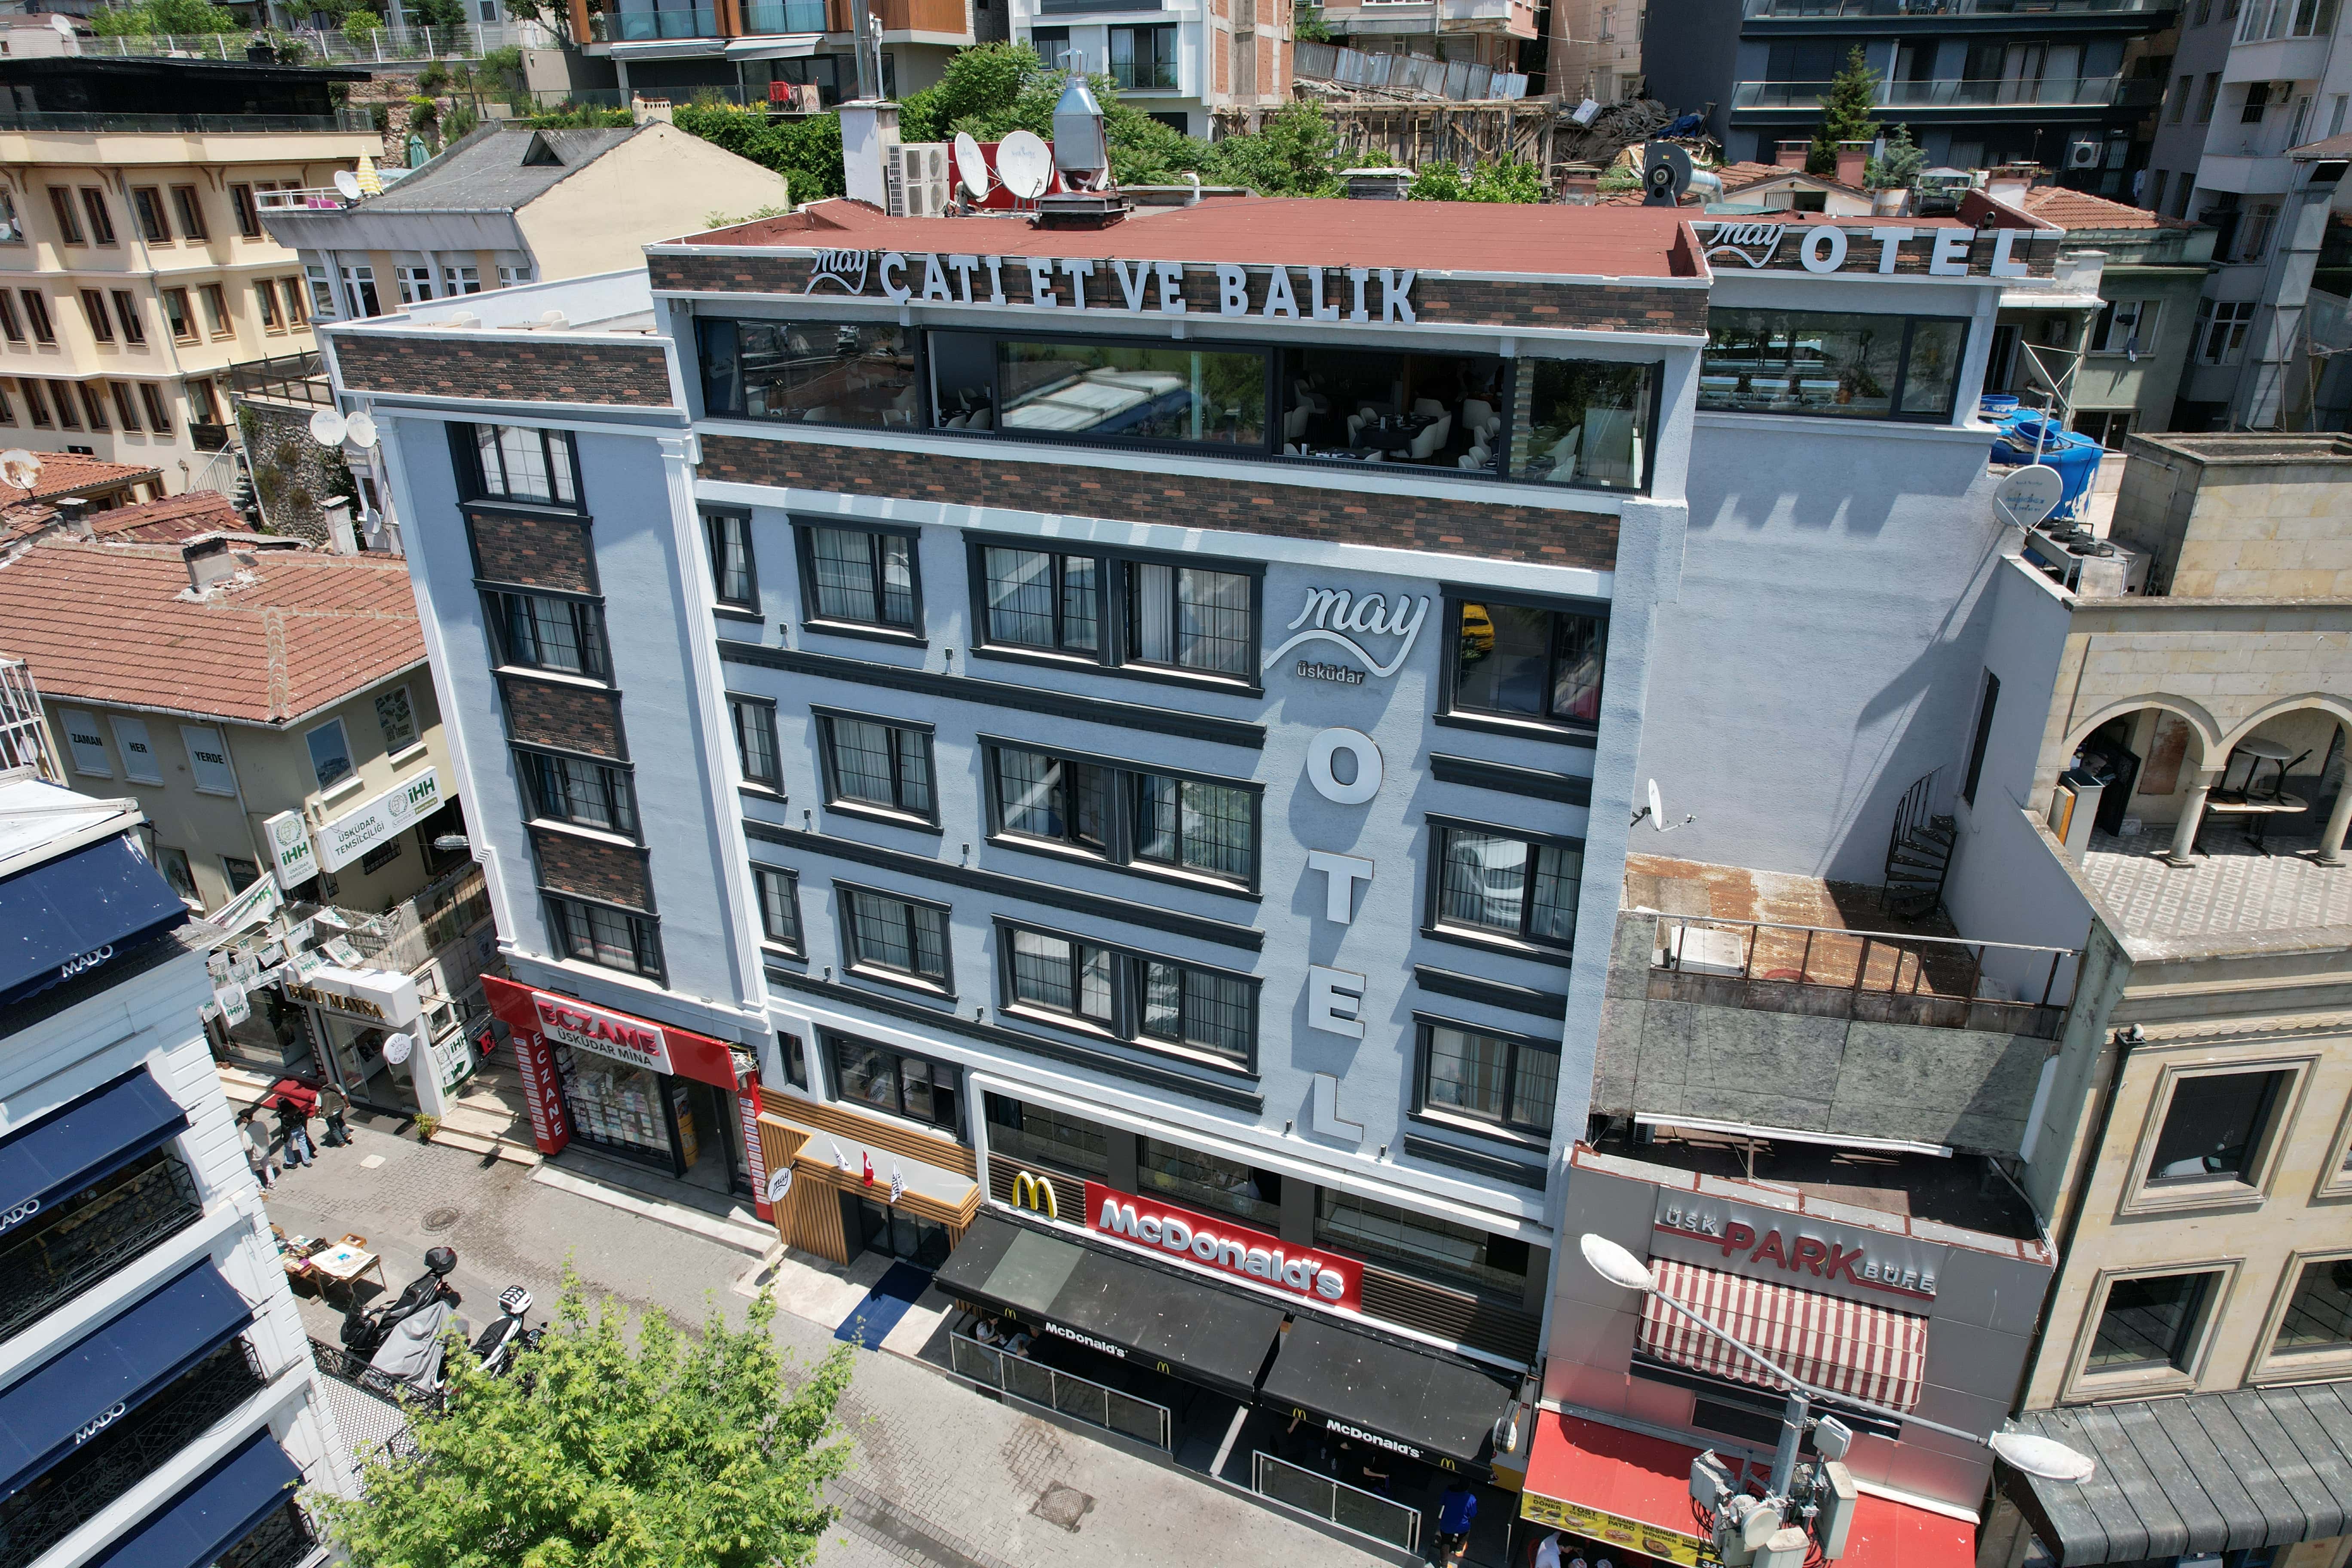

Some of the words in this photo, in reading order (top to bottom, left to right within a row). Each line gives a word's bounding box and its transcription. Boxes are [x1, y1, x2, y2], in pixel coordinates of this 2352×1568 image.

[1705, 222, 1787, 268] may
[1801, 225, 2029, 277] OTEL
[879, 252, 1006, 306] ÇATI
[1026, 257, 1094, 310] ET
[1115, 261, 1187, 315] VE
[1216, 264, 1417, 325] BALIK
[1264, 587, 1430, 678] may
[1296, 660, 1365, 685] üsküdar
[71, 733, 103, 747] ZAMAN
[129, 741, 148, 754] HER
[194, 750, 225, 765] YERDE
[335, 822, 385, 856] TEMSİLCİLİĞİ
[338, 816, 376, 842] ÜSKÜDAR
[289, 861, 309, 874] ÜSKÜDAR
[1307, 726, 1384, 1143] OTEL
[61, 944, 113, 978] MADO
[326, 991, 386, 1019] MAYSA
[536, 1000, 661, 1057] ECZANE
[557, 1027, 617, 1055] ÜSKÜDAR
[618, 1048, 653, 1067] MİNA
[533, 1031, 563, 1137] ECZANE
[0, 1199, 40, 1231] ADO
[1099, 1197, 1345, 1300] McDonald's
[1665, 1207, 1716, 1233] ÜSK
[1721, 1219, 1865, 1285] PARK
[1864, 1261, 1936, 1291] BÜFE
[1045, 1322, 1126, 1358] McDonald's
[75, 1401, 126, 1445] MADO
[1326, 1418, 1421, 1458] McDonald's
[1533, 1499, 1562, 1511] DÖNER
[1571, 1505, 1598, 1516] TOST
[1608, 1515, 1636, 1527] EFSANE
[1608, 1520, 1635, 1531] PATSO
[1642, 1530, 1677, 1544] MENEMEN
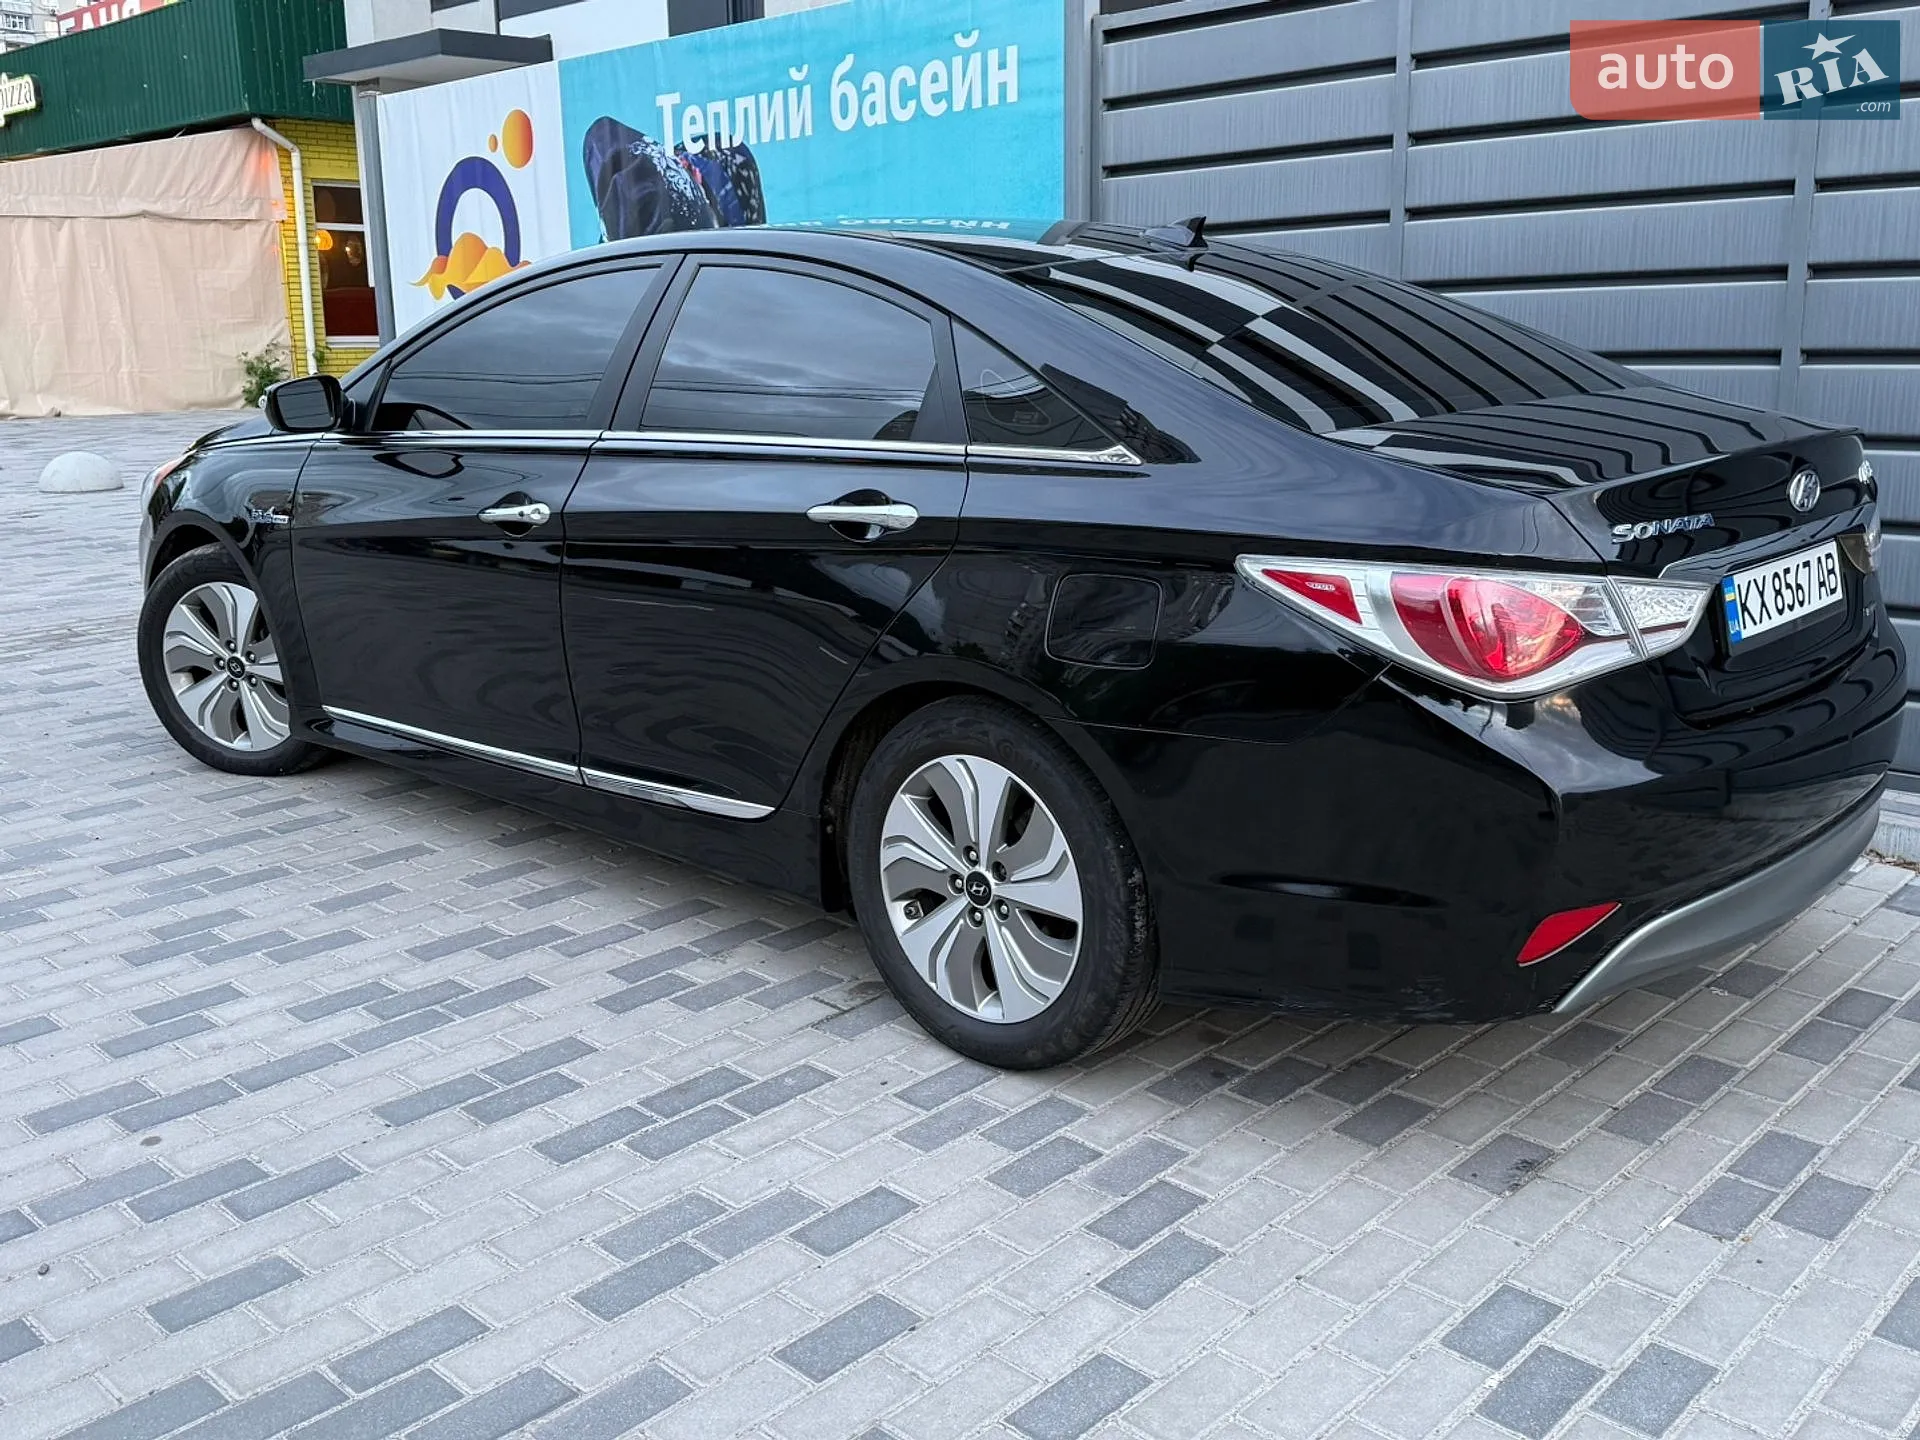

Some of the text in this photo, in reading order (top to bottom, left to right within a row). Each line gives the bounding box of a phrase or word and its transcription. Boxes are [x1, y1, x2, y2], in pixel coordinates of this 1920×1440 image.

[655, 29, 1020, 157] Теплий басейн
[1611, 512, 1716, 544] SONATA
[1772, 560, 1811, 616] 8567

» What is being asked:
Write out the material above exactly. Skip the pictures.

» Task output:
Some of the words in this photo, in reading order (top to bottom, left to right within a row). Each line gives a word's bounding box and its transcription. Boxes are [x1, y1, x2, y2], in pixel coordinates of this 2352×1568 image.

[1705, 222, 1787, 268] may
[1801, 225, 2029, 277] OTEL
[879, 252, 1006, 306] ÇATI
[1026, 257, 1094, 310] ET
[1115, 261, 1187, 315] VE
[1216, 264, 1417, 325] BALIK
[1264, 587, 1430, 678] may
[1296, 660, 1365, 685] üsküdar
[71, 733, 103, 747] ZAMAN
[129, 741, 148, 754] HER
[194, 750, 225, 765] YERDE
[335, 822, 385, 856] TEMSİLCİLİĞİ
[338, 816, 376, 842] ÜSKÜDAR
[289, 861, 309, 874] ÜSKÜDAR
[1307, 726, 1384, 1143] OTEL
[61, 944, 113, 978] MADO
[326, 991, 386, 1019] MAYSA
[536, 1000, 661, 1057] ECZANE
[557, 1027, 617, 1055] ÜSKÜDAR
[618, 1048, 653, 1067] MİNA
[533, 1031, 563, 1137] ECZANE
[0, 1199, 40, 1231] ADO
[1099, 1197, 1345, 1300] McDonald's
[1665, 1207, 1716, 1233] ÜSK
[1721, 1219, 1865, 1285] PARK
[1864, 1261, 1936, 1291] BÜFE
[1045, 1322, 1126, 1358] McDonald's
[75, 1401, 126, 1445] MADO
[1326, 1418, 1421, 1458] McDonald's
[1533, 1499, 1562, 1511] DÖNER
[1571, 1505, 1598, 1516] TOST
[1608, 1515, 1636, 1527] EFSANE
[1608, 1520, 1635, 1531] PATSO
[1642, 1530, 1677, 1544] MENEMEN

Some of the text in this photo, in reading order (top to bottom, left to right within a row). Each line gives the bounding box of a phrase or word and its transcription. Boxes are [x1, y1, x2, y2], in pixel coordinates of this 1920×1440 image.

[655, 29, 1020, 157] Теплий басейн
[1611, 512, 1716, 544] SONATA
[1772, 560, 1811, 616] 8567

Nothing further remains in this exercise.